Exercise details: Without the pictures, give the records again exactly as they appear.
------------------------------------------------
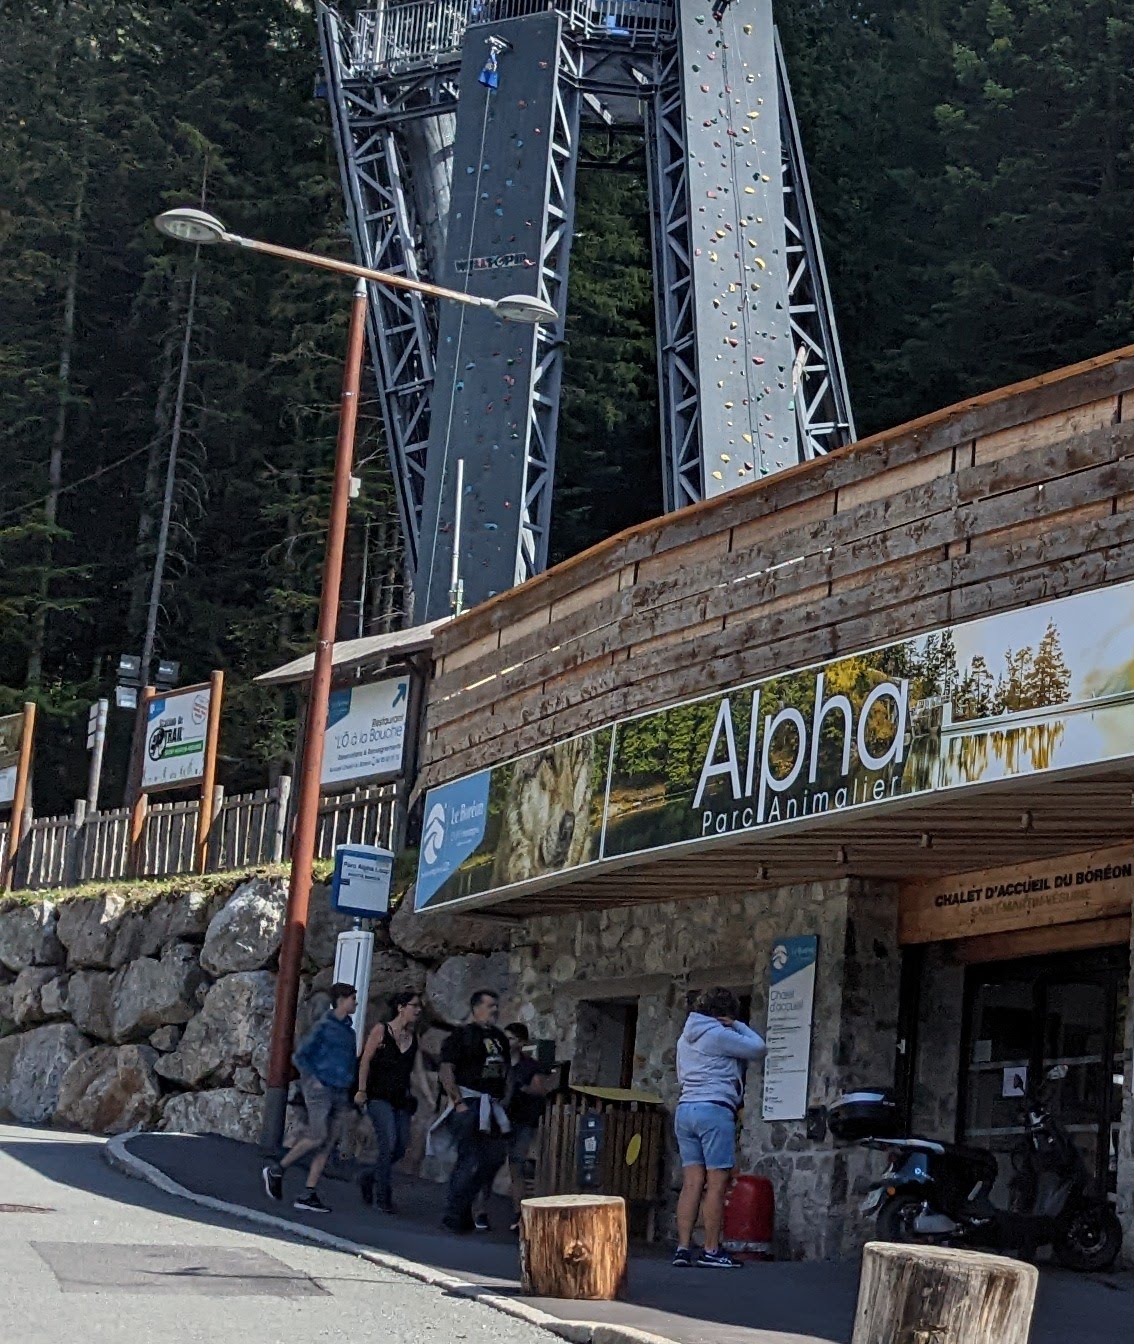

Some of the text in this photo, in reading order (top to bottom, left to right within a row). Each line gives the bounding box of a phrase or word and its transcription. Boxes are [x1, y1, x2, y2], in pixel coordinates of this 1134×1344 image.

[371, 714, 404, 728] Restaurant
[692, 672, 909, 824] Alpha
[451, 800, 484, 825] Le Boréon
[702, 775, 899, 837] Parc Animalier
[934, 863, 1132, 908] CHALET D'ACCUEIL DU BORÉON
------------------------------------------------
Exercise response:
Some of the text in this photo, in reading order (top to bottom, left to right within a row). Each line gives the bounding box of a phrase or word and its transcription. Boxes are [x1, y1, x2, y2], in pixel coordinates of this 1134×1344 image.

[371, 714, 404, 728] Restaurant
[692, 672, 909, 824] Alpha
[451, 800, 484, 825] Le Boréon
[702, 775, 899, 837] Parc Animalier
[934, 863, 1132, 908] CHALET D'ACCUEIL DU BORÉON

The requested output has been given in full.